History

United States
- Name: USS Queen
- Launched: 1860
- Completed: 1861
- Acquired: 29 September 1863
- Commissioned: 15 August 1863
- Decommissioned: 21 June 1865
- Maiden voyage: 28 January 1861
- Stricken: 1865 (est.)
- Captured: by Union Navy forces; 21 June 1863;
- Fate: Sold, 16 October 1865

General characteristics
- Displacement: 630 tons
- Length: 168 ft 8 in (51.41 m)
- Beam: 28 ft 4 in (8.64 m)
- Draft: 9 ft 9 in (2.97 m)
- Depth of hold: 13 ft (4.0 m)
- Propulsion: steam engine; screw-propelled;
- Speed: not known
- Complement: 83
- Armament: three 32-pounder guns; one 12-pounder rifled gun;

= USS Queen =

Cargo ship of the United States Navy

USS Queen was a steamer captured by the Union Navy during the American Civil War. She was used by the Navy as a supply ship.

== Capture of a British steamer, conversion to Union Navy supply ship ==

On 21 June 1863, Union side wheel steamer captured blockade running British steamer Victory off Palmetto Point, Eleuthera Island after a long chase. The prize had slipped out of Wilmington, North Carolina, laden with cotton, tobacco and turpentine and was sent to Boston, Massachusetts, where she was condemned by the Boston Prize Court.
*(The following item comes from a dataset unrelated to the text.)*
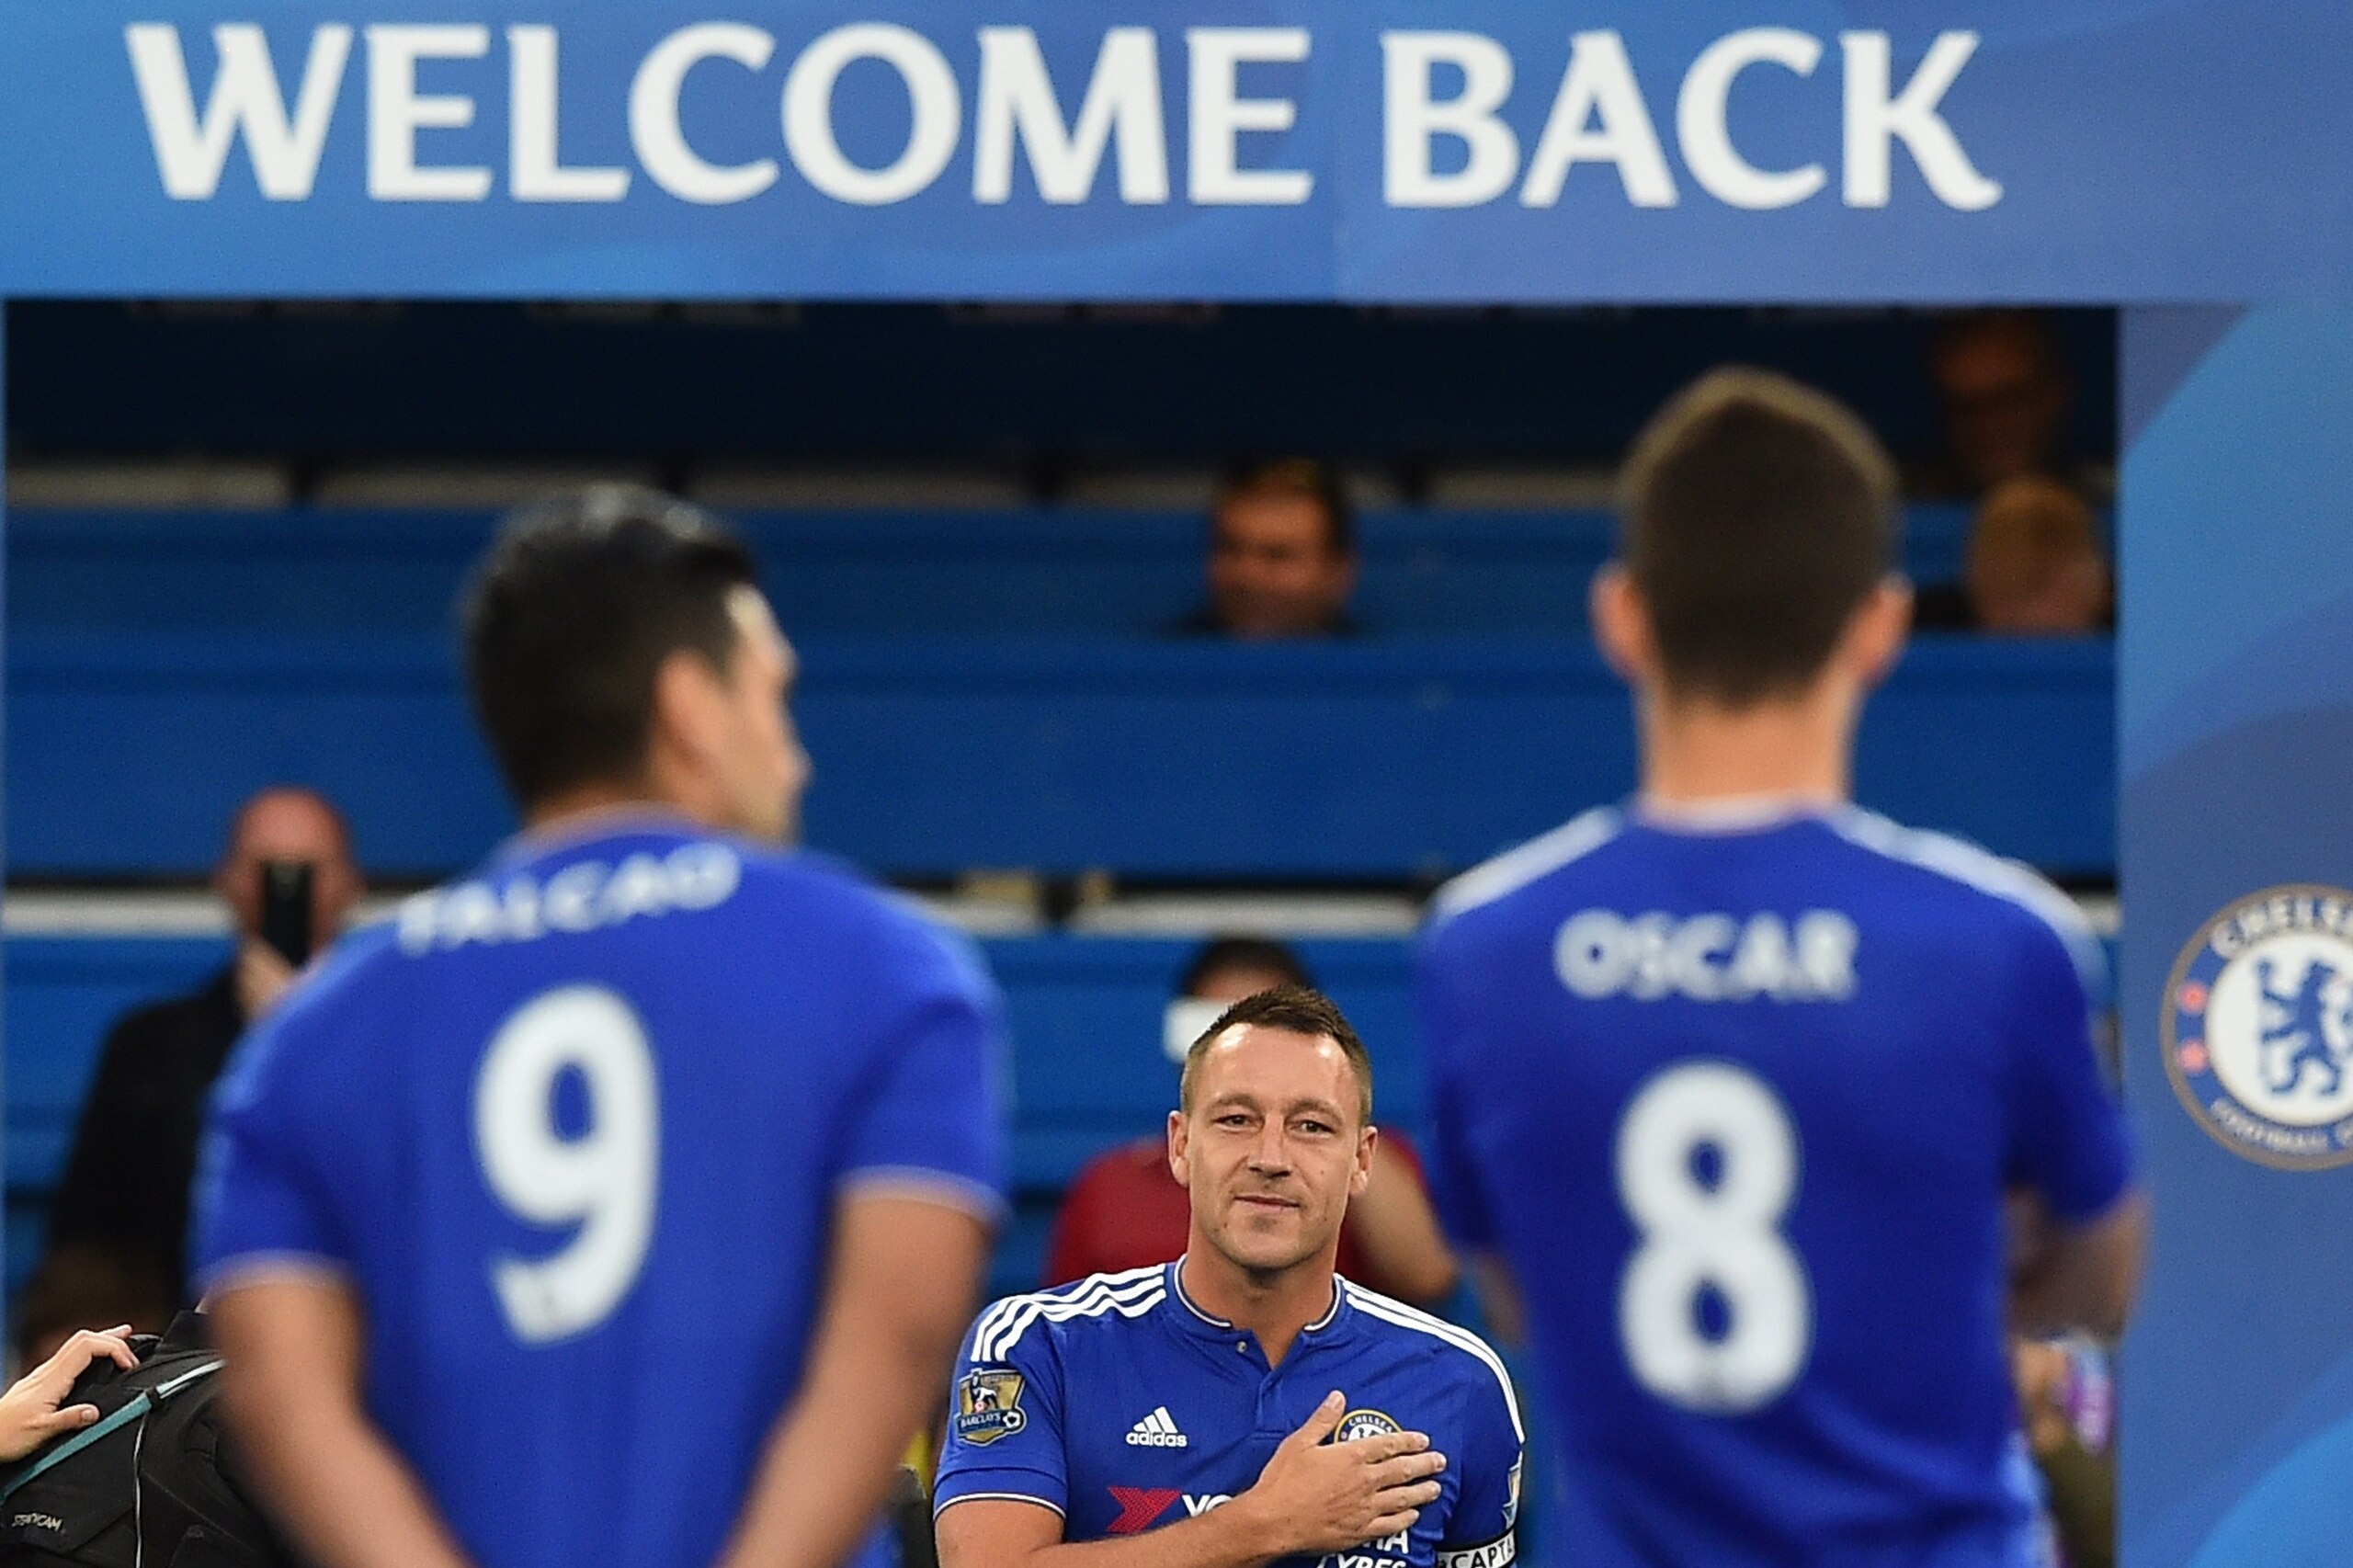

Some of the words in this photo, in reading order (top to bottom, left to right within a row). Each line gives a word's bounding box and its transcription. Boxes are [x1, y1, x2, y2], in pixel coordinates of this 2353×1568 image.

Renamed Queen 1 August 1863, she was purchased by the Navy 29 September 1863, and commissioned 15 August 1863, Acting Master Robert Tarr in command.
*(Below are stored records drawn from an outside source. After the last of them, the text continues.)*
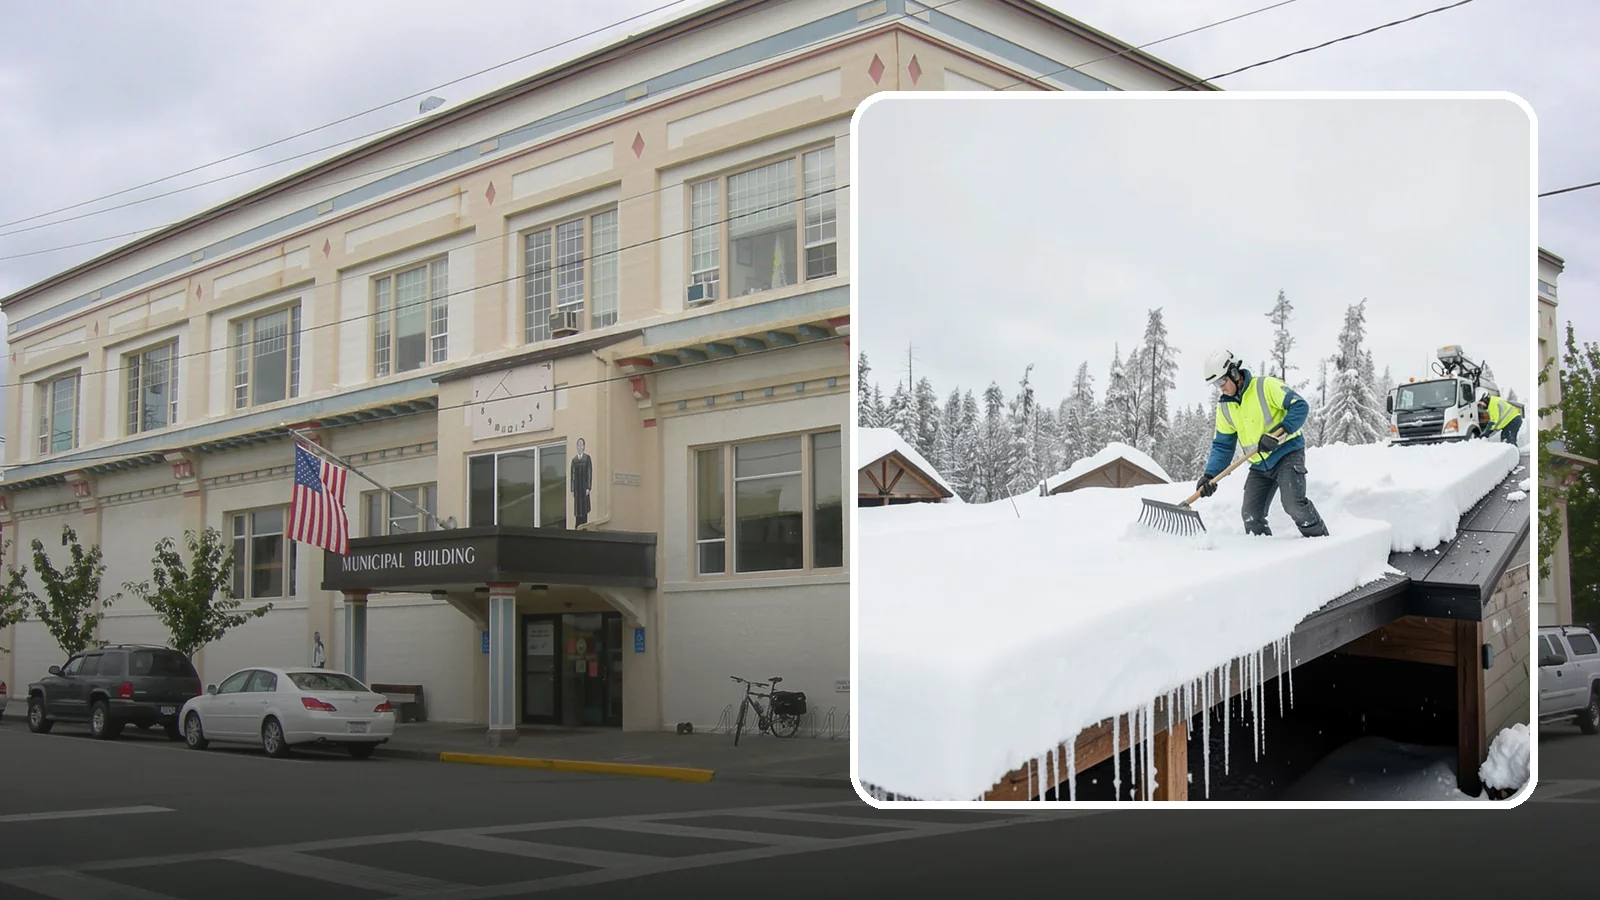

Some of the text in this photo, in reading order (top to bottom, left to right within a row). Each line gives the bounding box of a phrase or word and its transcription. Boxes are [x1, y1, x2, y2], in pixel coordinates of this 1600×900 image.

[480, 407, 485, 415] 8
[488, 418, 493, 426] 9
[495, 424, 500, 432] 10
[501, 425, 506, 433] 11
[508, 425, 513, 433] 12
[521, 420, 525, 428] 2
[529, 414, 533, 422] 3
[536, 402, 540, 410] 4
[342, 546, 475, 572] MUNICIPAL BUILDING
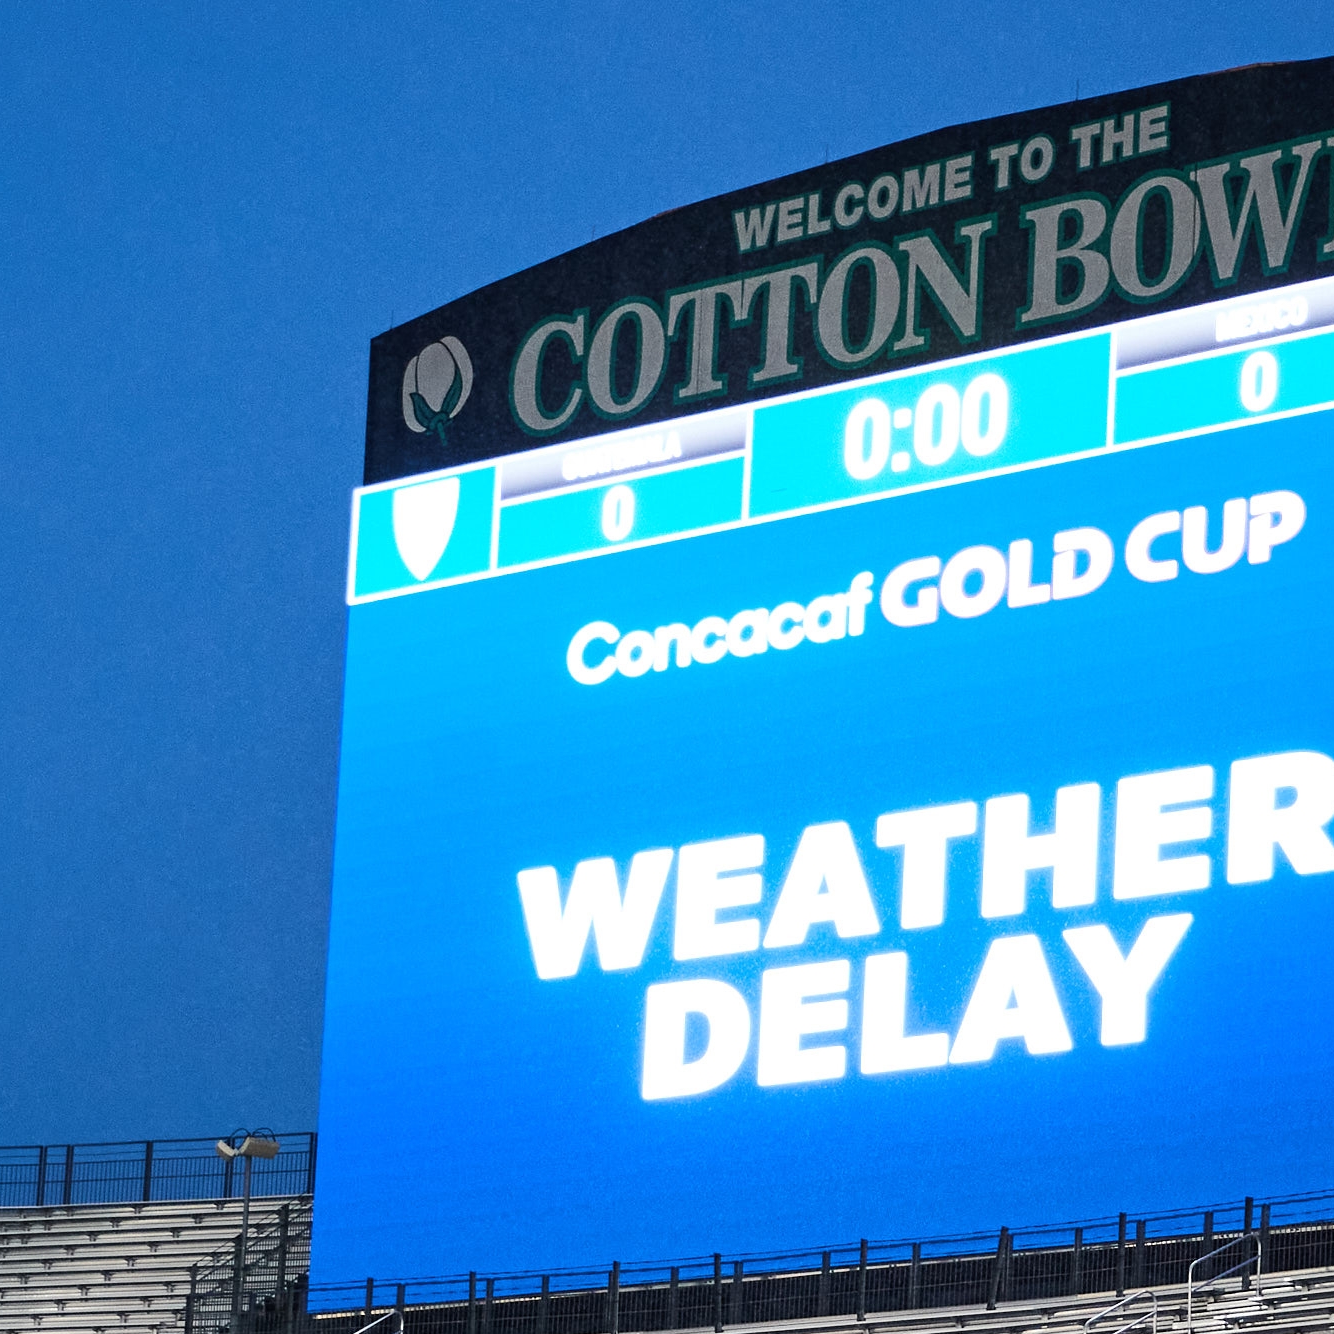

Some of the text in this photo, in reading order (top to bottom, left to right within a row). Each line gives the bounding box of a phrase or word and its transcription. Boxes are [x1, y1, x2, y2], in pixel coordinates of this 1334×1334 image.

[732, 103, 1170, 256] WELCOME TO THE
[512, 215, 989, 432] COTTON
[1240, 350, 1278, 412] 0
[842, 373, 1009, 479] 0:00
[567, 491, 1307, 686] Concacaf GOLD CUP
[602, 484, 635, 541] 0
[640, 913, 1194, 1101] DELAY
== Supporting the Union Navy ships and bases of the Gulf Coast blockade ==

Fitted out as a transport and supply ship, Queen departed Boston 4 December for New Orleans, Louisiana, where she arrived 9 January 1864. For the remainder of the war, she operated between northern ports and the gulf, stopping frequently en route to serve Union ships and bases along the Confederate coast.

== End-of-war decommissioning and sale ==

After the war ended, Queen decommissioned at New York Navy Yard 21 June 1865 and was sold at New York City 16 October 1865 to Smith and Dunning.